Material for the task Block Start

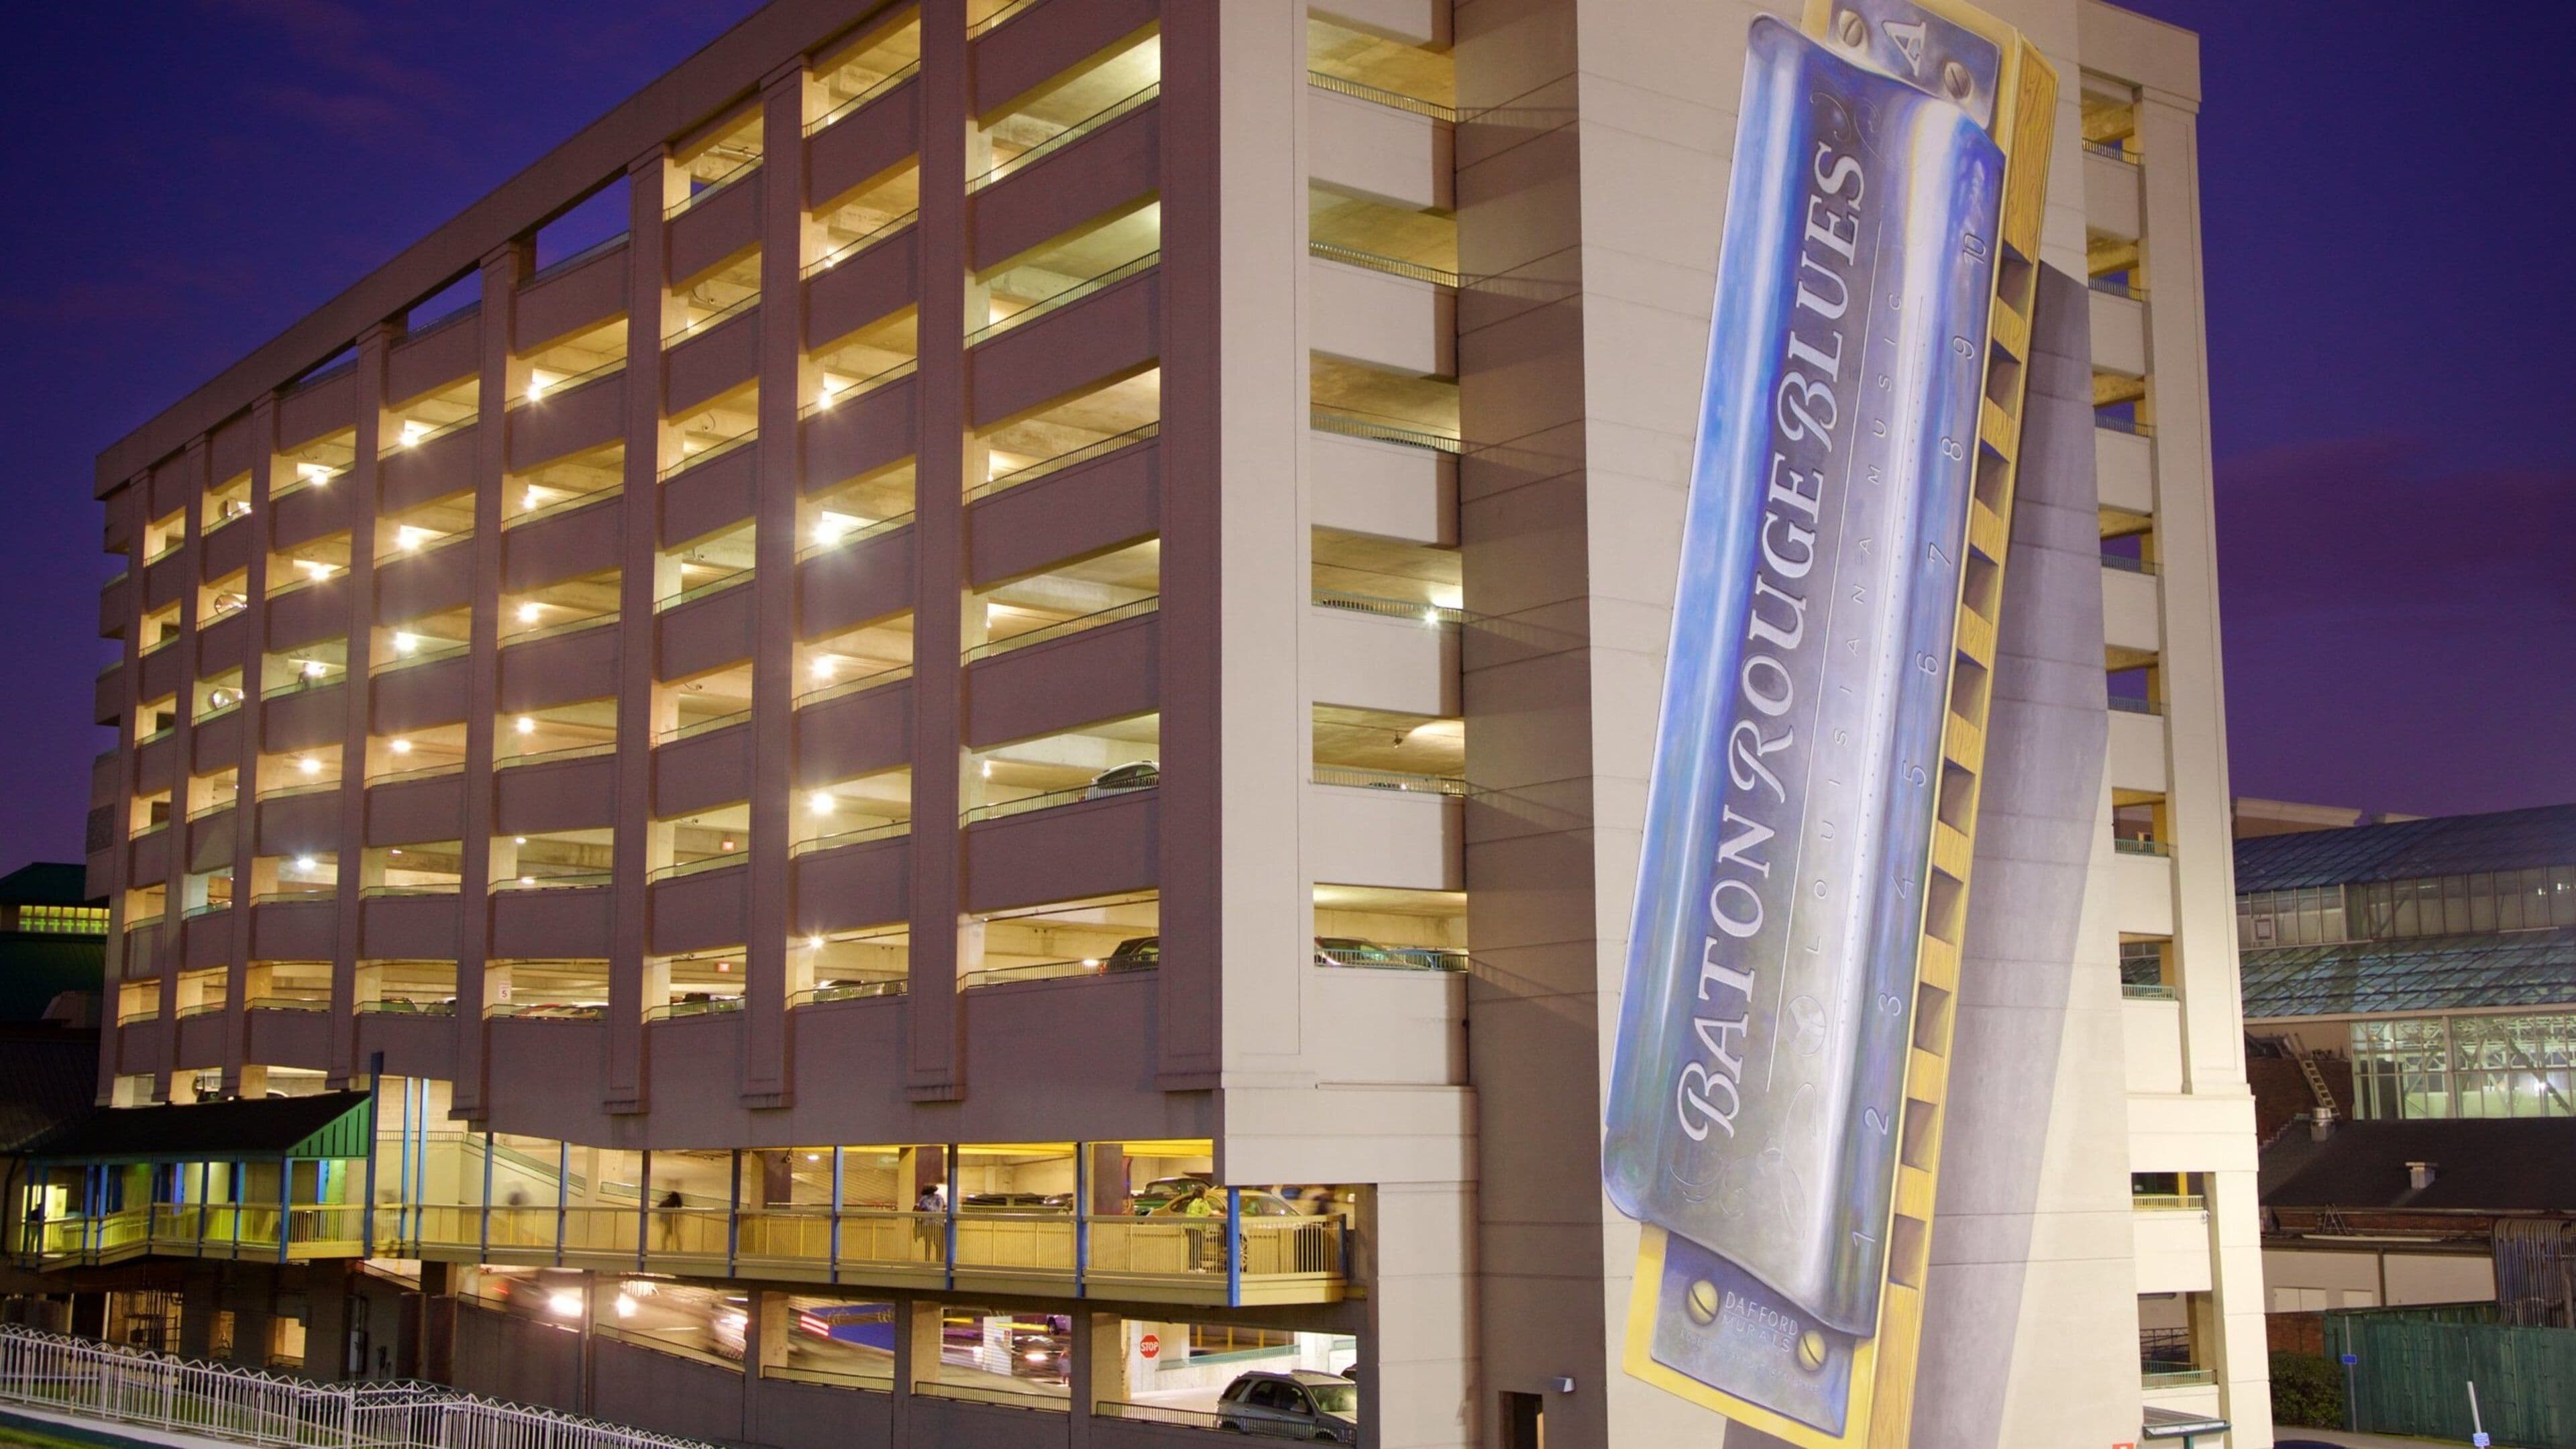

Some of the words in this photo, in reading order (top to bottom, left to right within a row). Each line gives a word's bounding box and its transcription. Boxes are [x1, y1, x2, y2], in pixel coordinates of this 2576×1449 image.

[1881, 19, 1926, 77] A
[1962, 232, 1988, 266] 10
[1952, 335, 1975, 360] 9
[1941, 436, 1964, 462] 8
[1927, 541, 1951, 567] 7
[1805, 537, 1872, 955] LOUISIANA
[1866, 292, 1902, 485] MUSIC
[1677, 804, 1776, 1142] BATON
[1727, 451, 1824, 804] ROUGE
[1776, 141, 1865, 453] BLUES
[1916, 650, 1939, 677] 6
[1901, 759, 1927, 788] 5
[1890, 874, 1915, 900] 4
[1878, 991, 1902, 1018] 3
[1863, 1106, 1889, 1136] 2
[1725, 1290, 1799, 1336] DAFFORD
[1140, 1341, 1159, 1352] STOP
[1721, 1314, 1792, 1353] MURALS
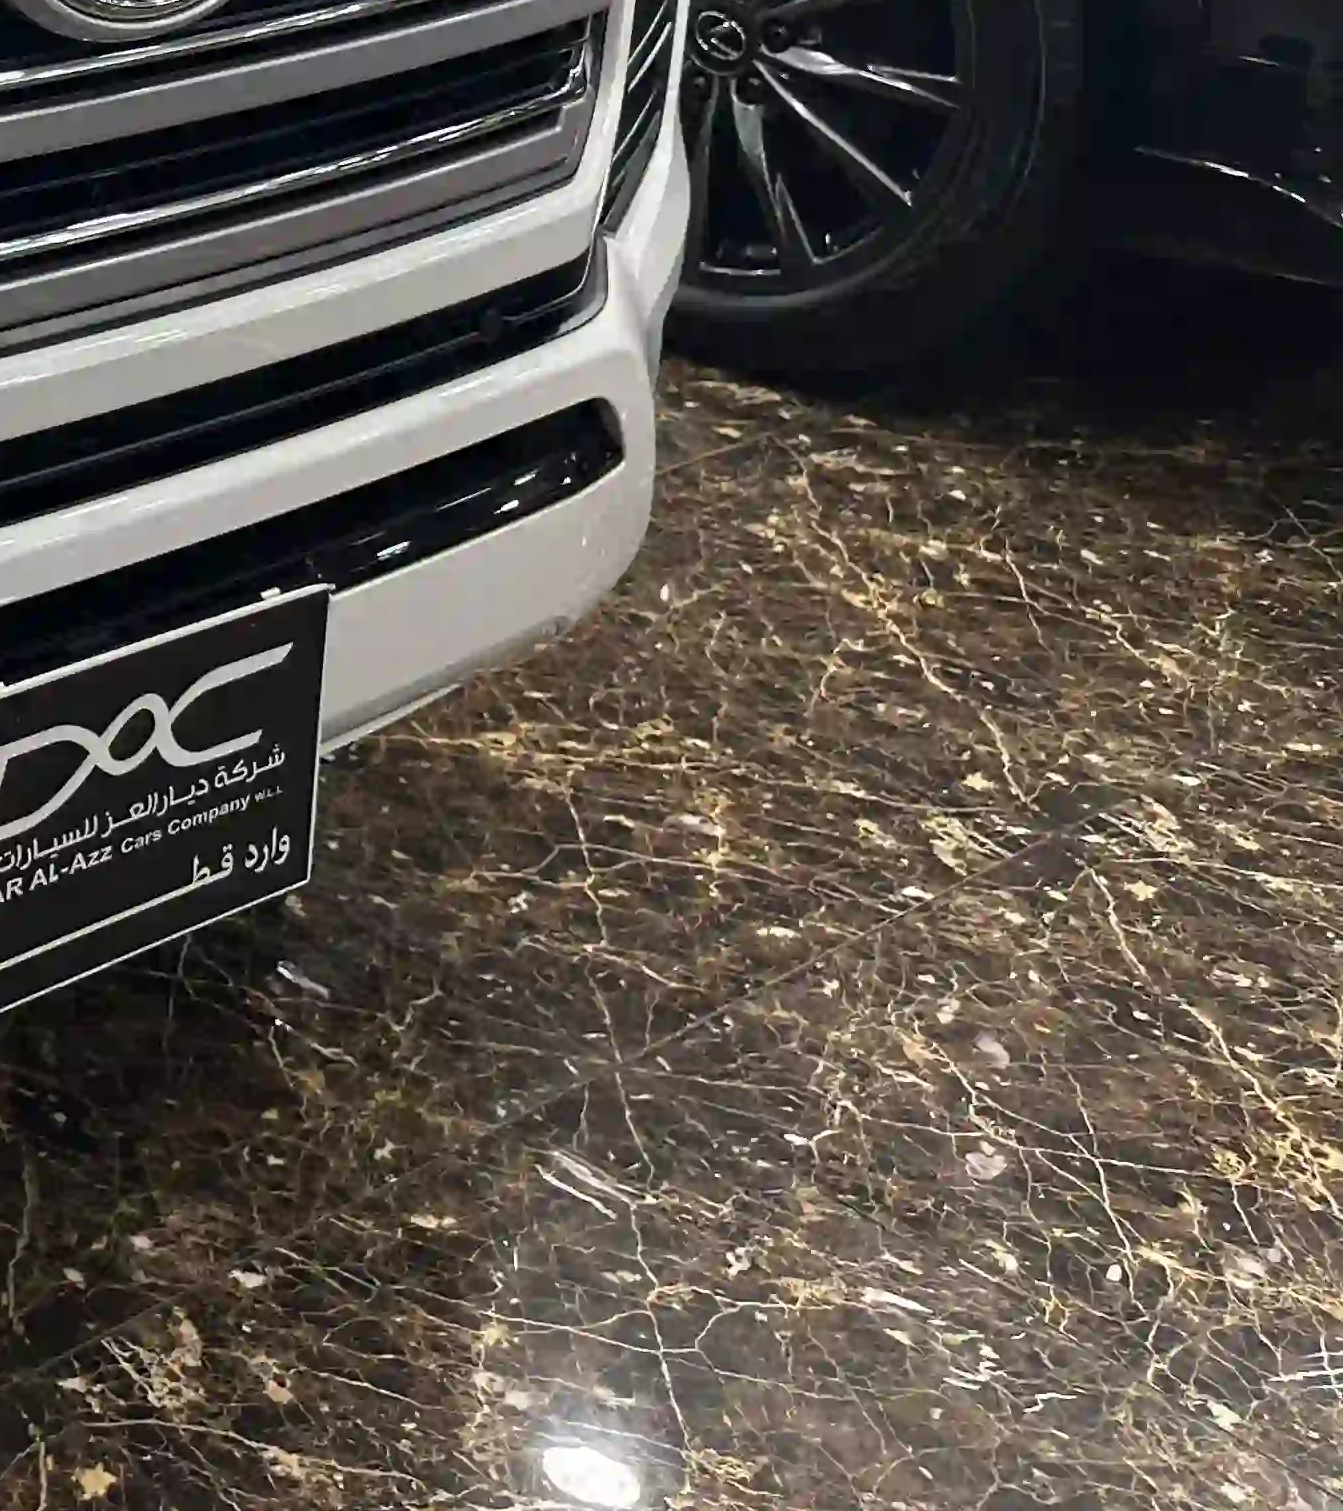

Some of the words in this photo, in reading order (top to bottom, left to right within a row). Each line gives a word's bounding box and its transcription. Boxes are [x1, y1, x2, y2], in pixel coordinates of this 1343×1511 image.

[215, 743, 286, 788] شركة
[100, 791, 159, 838] العز
[156, 778, 210, 817] ديار
[120, 828, 163, 854] Cars
[167, 793, 241, 835] Company
[244, 825, 291, 873] وارد

Material for the task Block End

What must be returned is the line with "this 1343×1511 image." plus every line after it to the end of the entries, exactly as they appear.

Some of the words in this photo, in reading order (top to bottom, left to right within a row). Each line gives a word's bounding box and its transcription. Boxes are [x1, y1, x2, y2], in pixel coordinates of this 1343×1511 image.

[215, 743, 286, 788] شركة
[100, 791, 159, 838] العز
[156, 778, 210, 817] ديار
[120, 828, 163, 854] Cars
[167, 793, 241, 835] Company
[244, 825, 291, 873] وارد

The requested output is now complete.